DFL is widely used for early cancer screening and personalized treatment recommendations. By analyzing patient data and treatment history, it can perform prognostic assessments for various scenarios, including breast cancer, lung cancer, melanoma detection, and brain tumor segmentation.
Tissue section images are essential imaging tools in pathology. The TissueMNIST data set contains images of tumor and normal tissue sections, which are utilized for cancer diagnosis. Research shows that the Blockchain-Based FL global model can improve overall model performance by up to 10% compared to a single machine learning model in TissueMNIST [68].
Accurately assessing patient survival is one of the key objectives in precision oncology [105]. Predictive models can assist physicians in selecting the best subsequent interventions based on individual patient characteristics. Chai et al. [103] collected cancer data from four types of cancers—colon, head and neck, liver, and ovarian—using The Cancer Genome Atlas (TCGA) and Gene Expression Omnibus (GEO) data bases. They employed a DFL framework, AdFed, to assess patient survival. The experimental results show that AdFed, utilizing distributed data, outperforms other FL-based methods, achieving a better performance in cancer survival prediction (AUC = 0.605) compared to the average AUC of 0.554 for the compared methods. Additionally, regularization methods were employed to help researchers strike a balance between data accessibility and patient privacy protection.
Pennisi et al. [70] utilized the ISIC 2019 Challenge data set, which includes skin lesion images for the automated detection and classification of skin lesions and promoting the early diagnosis and screening of skin cancer, particularly melanoma. The study demonstrated that DFL, combining experience replay and privacy-preserving generative adversarial networks (GANs), outperforms centralized FL methods such as FedAvg and FedProx in melanoma classification tasks, achieving higher accuracy. This highlights the promising potential of DFL in medical image analysis.
Kang et al. [69] applied DFL to the Wisconsin Diagnostic Breast Cancer (WDBC) data set for the benign-malignant classification of breast cancer, supporting the automation of cancer diagnosis methods. In the breast cancer prediction task, the model’s accuracy improved from 87% using traditional FL methods (FedAvg) to 92.3%. By employing strategies such as experience replay, the study effectively mitigated the non-independent and identically distributed (non-i.i.d.) problem present in the WDBC data set, ensuring good generalization across multiple client nodes.
The Brain Tumor Segmentation (BraTS) data set is widely used in medical image analysis. Tedeschini et al. [82] showed that, compared to centralized learning (CL) methods, DFL improved automated brain tumor detection and segmentation using MRI images. The Dice Similarity Coefficient (DSC) for tumor region detection increased by 1.6%, indicating better segmentation accuracy. The experiments demonstrated that decentralized learning can effectively leverage diverse data sources, enhancing the model’s generalization and segmentation performance.

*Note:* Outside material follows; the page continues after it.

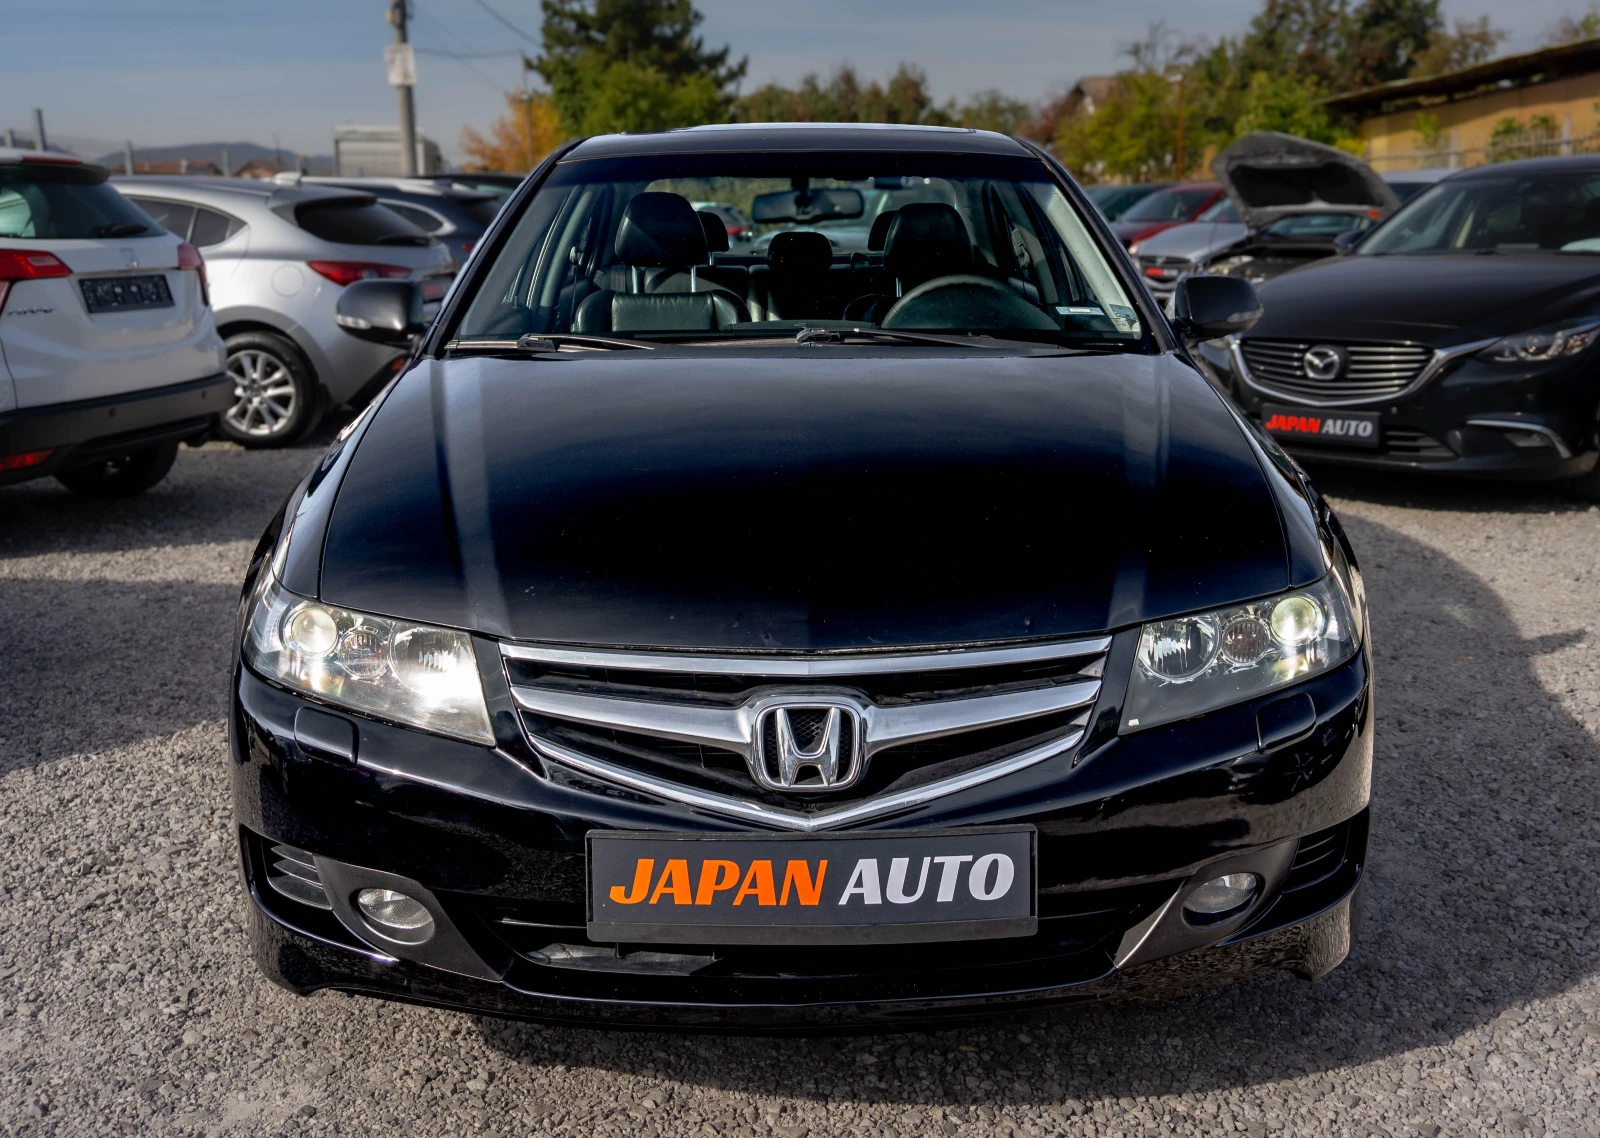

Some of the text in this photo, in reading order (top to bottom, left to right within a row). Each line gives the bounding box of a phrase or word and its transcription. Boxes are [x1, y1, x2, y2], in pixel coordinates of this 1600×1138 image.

[1265, 414, 1373, 437] JAPAN AUTO
[609, 853, 1015, 906] JAPAN AUTO

6. Open Issues and Research Directions

DFL has broad prospects in the medical field. It can improve privacy protection, promote multi-center data collaboration, and promote personalized medicine. However, its widespread application still faces compatibility issues caused by system heterogeneity, data heterogeneity affecting model generalization ability, communication efficiency limiting system performance, and lack of effective incentive mechanism reducing participation enthusiasm. Future development directions mainly focus on optimizing data security strategies, enhancing cross-institutional collaboration capabilities, improving communication protocols, and establishing reasonable incentive mechanisms to promote the in-depth application of FL in the medical field.

6.1. Security and Privacy

Regarding data sharing and compliance across medical institutions, the blockchain-based data sharing framework combines multi-party secure computing and a trusted execution environment, which can ensure that data cannot be tampered with. Still, the storage and computing costs are high. How to balance security and computing costs is a direction worth exploring. In addition, although differential privacy and homomorphic encryption can enhance privacy protection, they will reduce model accuracy and training efficiency. The privacy–accuracy balance can be optimized by dynamically combining adaptive differential privacy adjusting noise [106]. The proxy model can isolate sensitive data but may still leak feature distribution. It can be combined with federated distillation and feature perturbation to enhance security [107]. In addition, to prevent malicious nodes from inferring private information through model training, adversarial sample generation and decentralized anomaly detection mechanisms are combined to improve security. Identity management conflicts with anonymity when nodes join or leave. Complete anonymity is prone to malicious use, while traditional identity authentication faces the risk of centralization. Future research directions can combine zero-knowledge proof and group signature to achieve a balance [108].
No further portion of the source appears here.